Task data ->

####

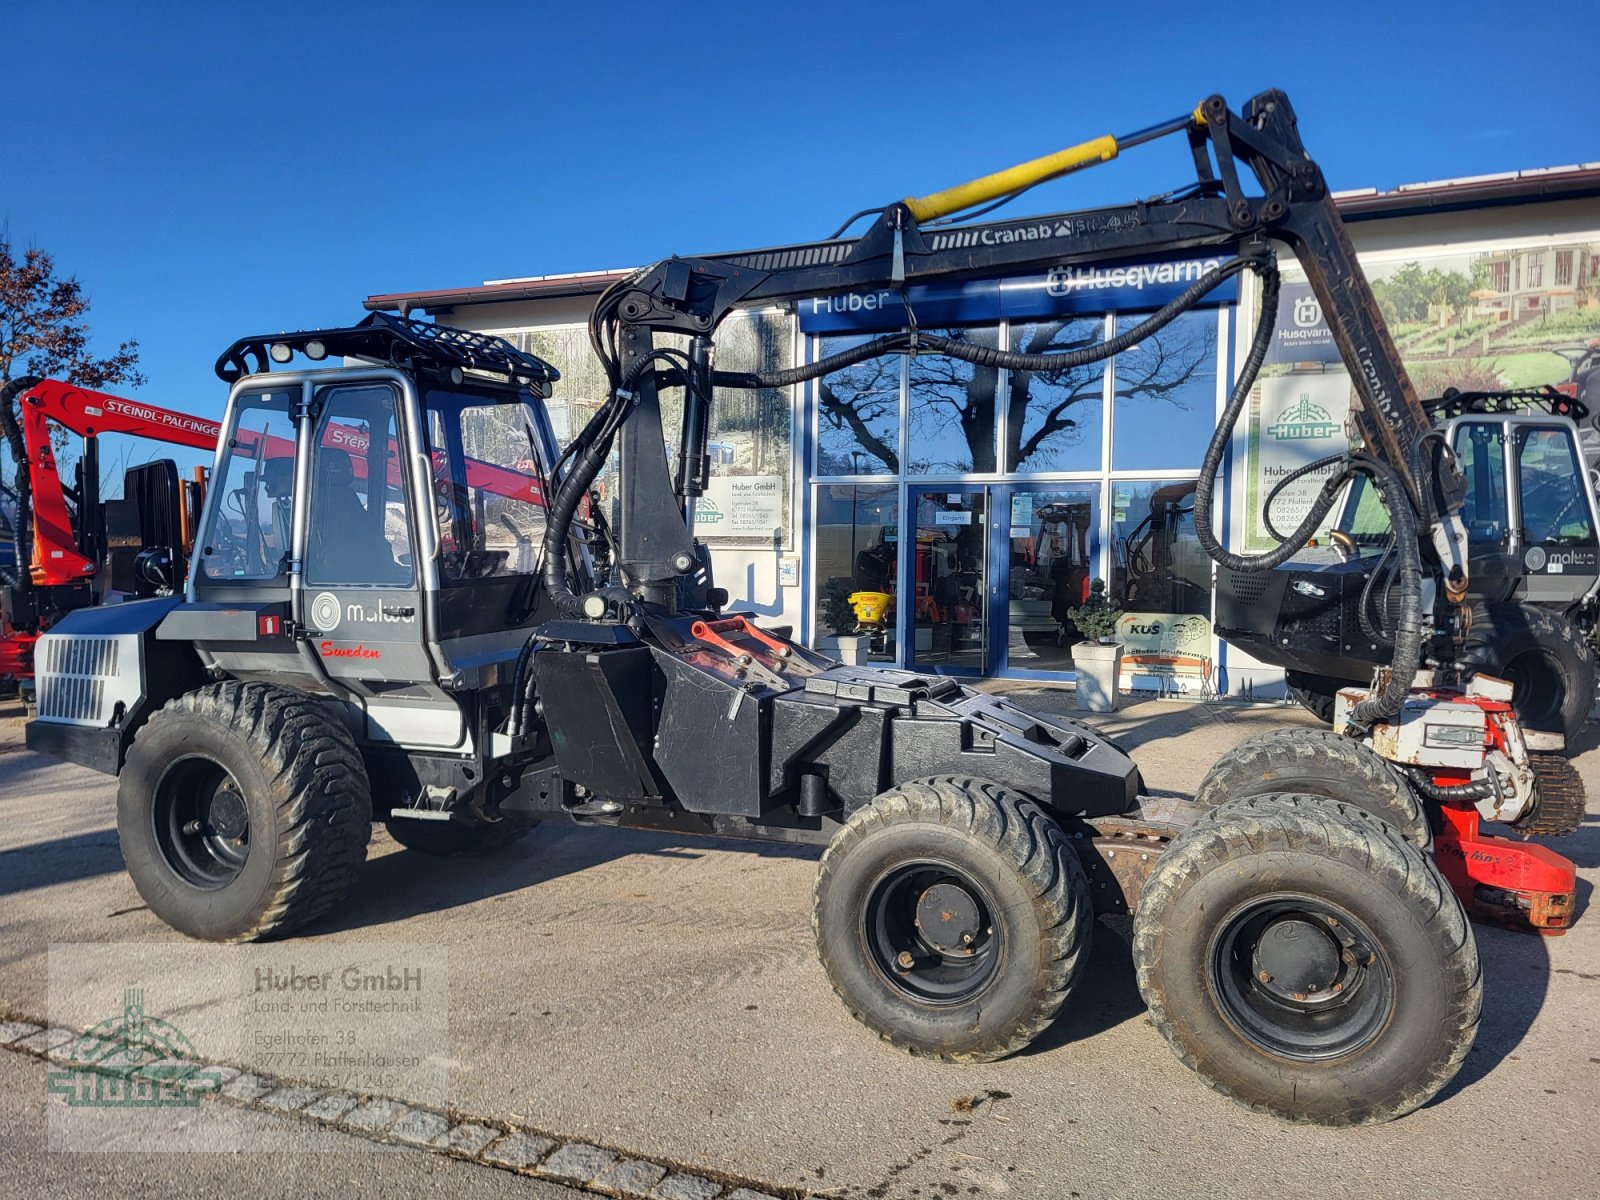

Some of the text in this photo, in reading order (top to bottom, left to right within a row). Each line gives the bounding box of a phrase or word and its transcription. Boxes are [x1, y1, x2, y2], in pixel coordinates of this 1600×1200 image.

[981, 224, 1052, 246] Cranab
[1075, 258, 1220, 291] Husqvarna
[813, 292, 890, 315] Huber
[1279, 328, 1332, 340] Husqvarn
[107, 400, 222, 437] STEINDL-PALFINGE
[1269, 424, 1339, 438] Huber
[732, 482, 776, 491] Huber GmbH
[695, 512, 722, 522] uber
[1550, 548, 1595, 565] malwa
[320, 641, 381, 658] Sweden
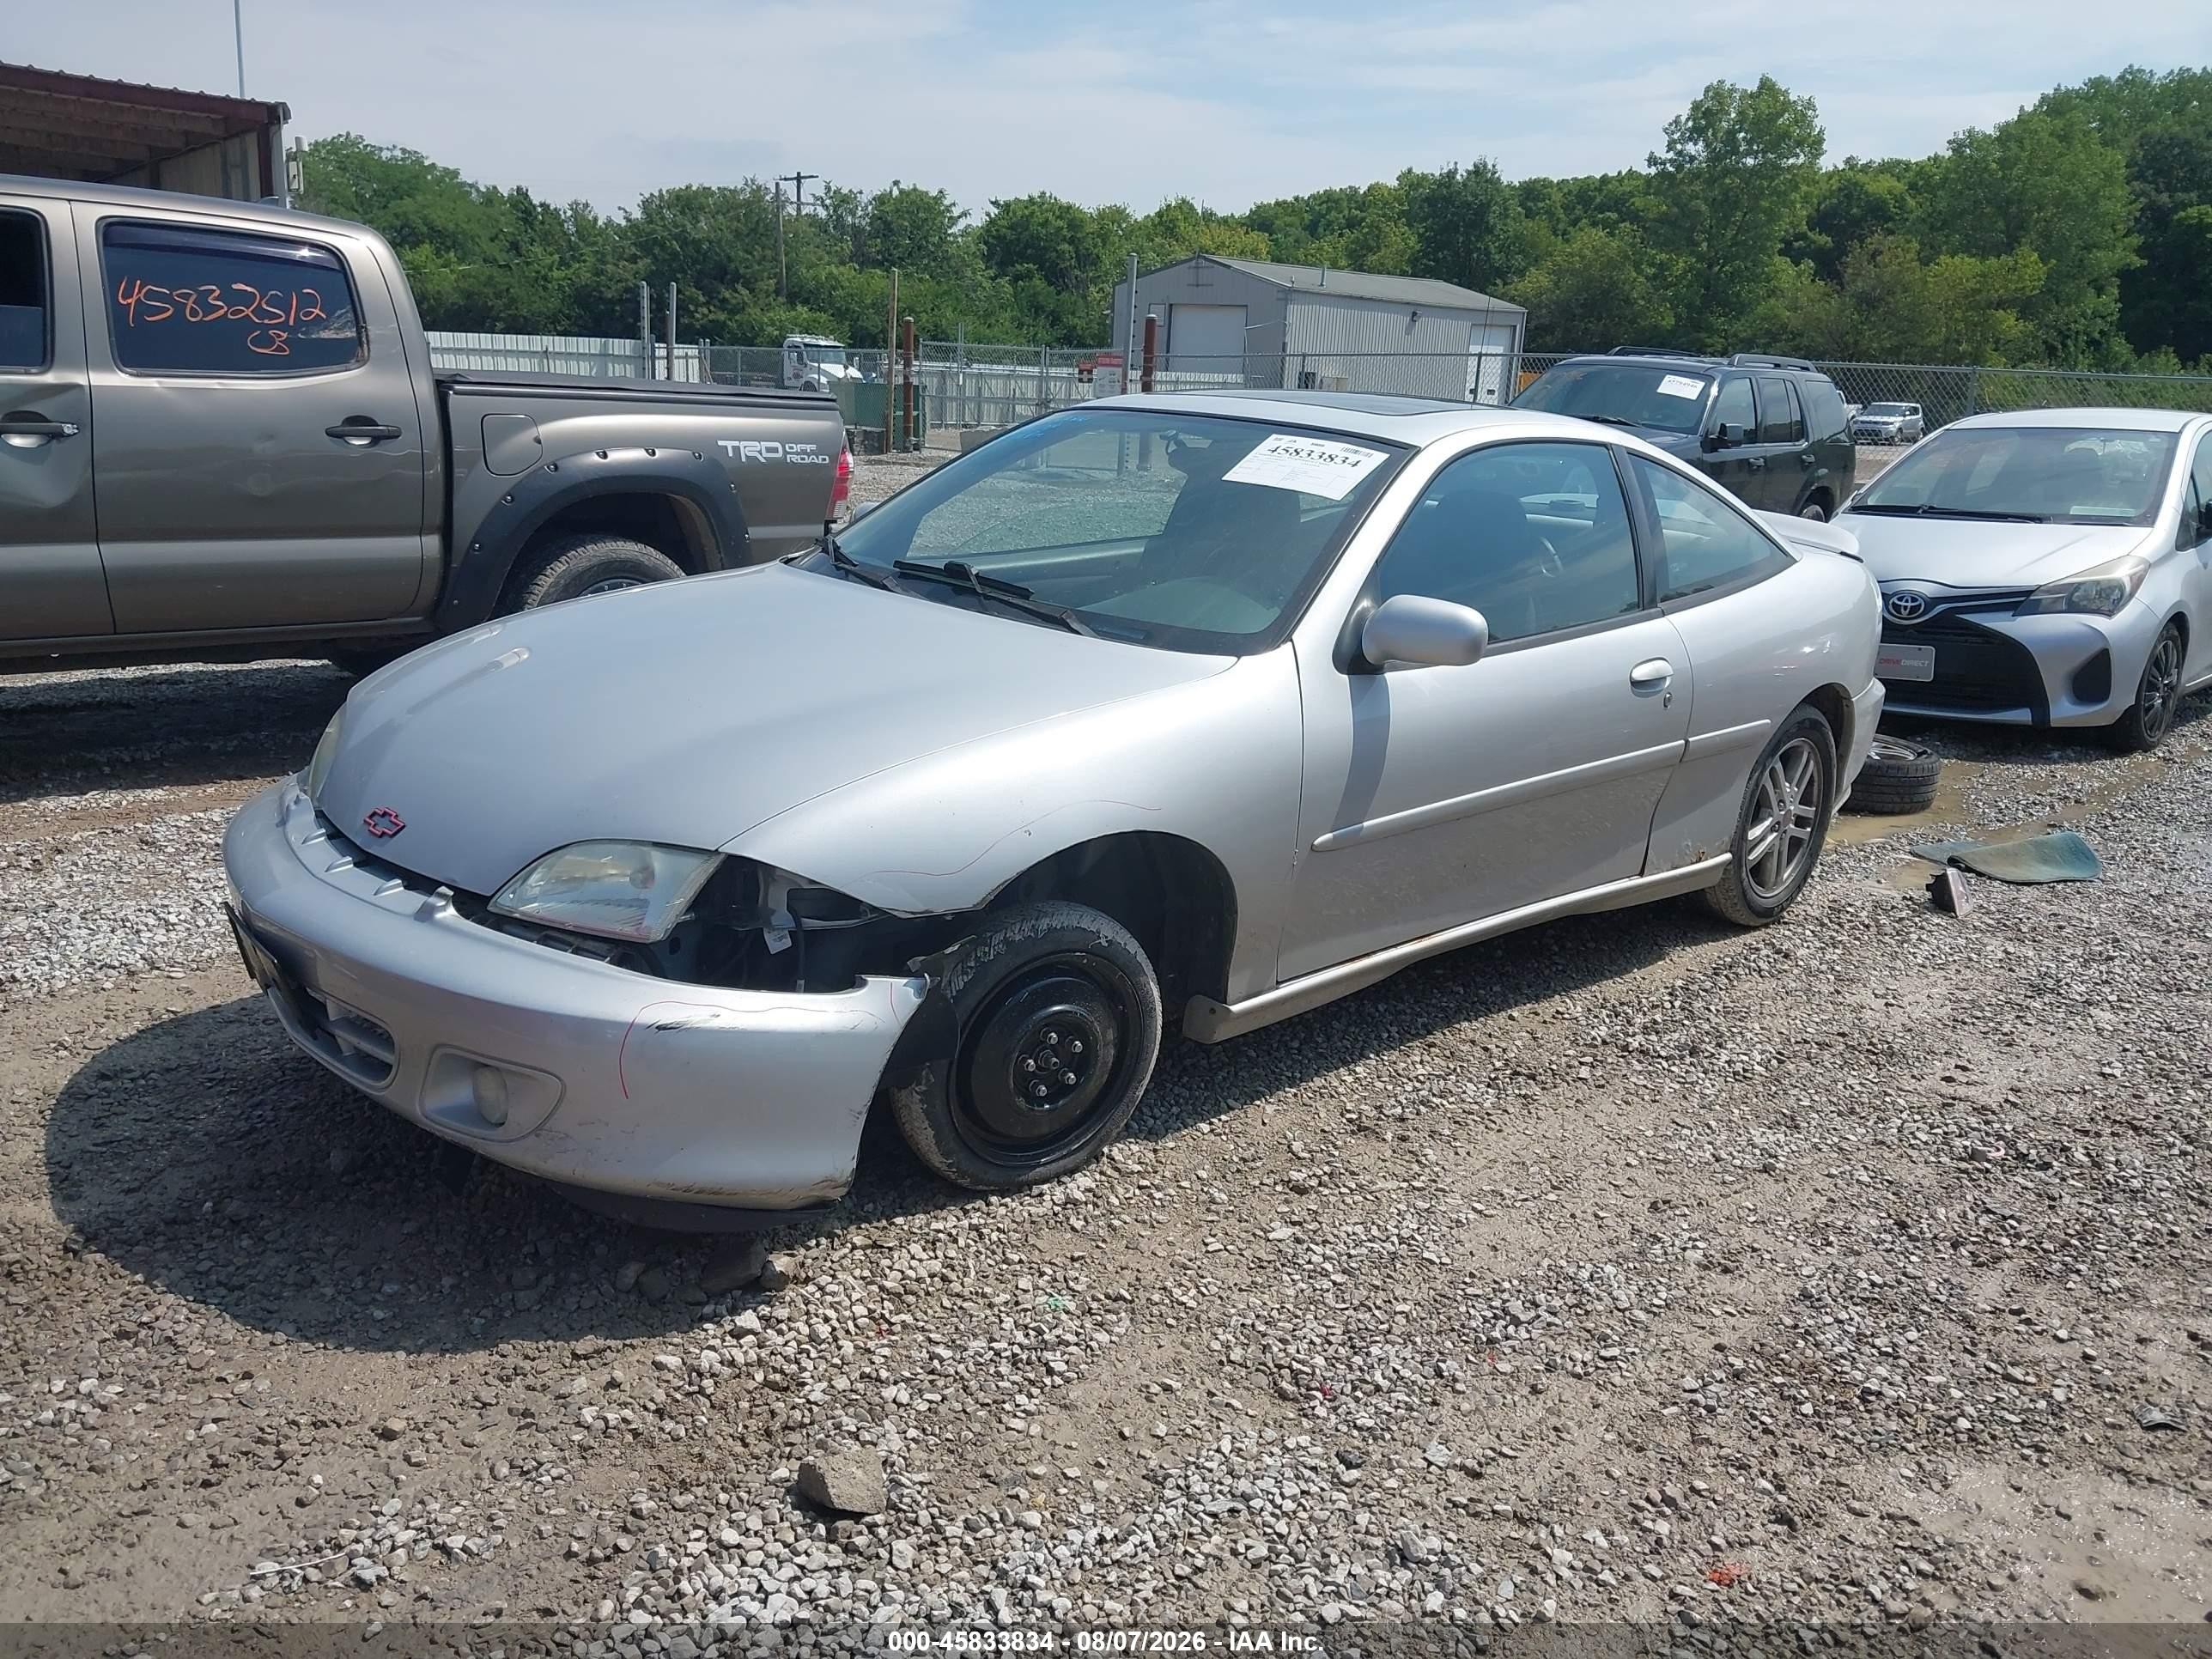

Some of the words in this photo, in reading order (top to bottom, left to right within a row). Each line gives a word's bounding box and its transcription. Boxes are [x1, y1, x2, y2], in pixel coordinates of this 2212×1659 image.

[117, 276, 327, 327] 45832512
[716, 440, 784, 464] TRD
[785, 443, 817, 453] OFF
[786, 454, 830, 465] ROAD
[1267, 444, 1363, 468] 45833834

####

What you should do ->
Output all the entries above verbatim, please. No images.

Exercise output ->
Some of the text in this photo, in reading order (top to bottom, left to right within a row). Each line gives the bounding box of a phrase or word and its transcription. Boxes are [x1, y1, x2, y2], in pixel coordinates of this 1600×1200 image.

[981, 224, 1052, 246] Cranab
[1075, 258, 1220, 291] Husqvarna
[813, 292, 890, 315] Huber
[1279, 328, 1332, 340] Husqvarn
[107, 400, 222, 437] STEINDL-PALFINGE
[1269, 424, 1339, 438] Huber
[732, 482, 776, 491] Huber GmbH
[695, 512, 722, 522] uber
[1550, 548, 1595, 565] malwa
[320, 641, 381, 658] Sweden

Some of the words in this photo, in reading order (top to bottom, left to right within a row). Each line gives a word's bounding box and its transcription. Boxes are [x1, y1, x2, y2], in pixel coordinates of this 2212×1659 image.

[117, 276, 327, 327] 45832512
[716, 440, 784, 464] TRD
[785, 443, 817, 453] OFF
[786, 454, 830, 465] ROAD
[1267, 444, 1363, 468] 45833834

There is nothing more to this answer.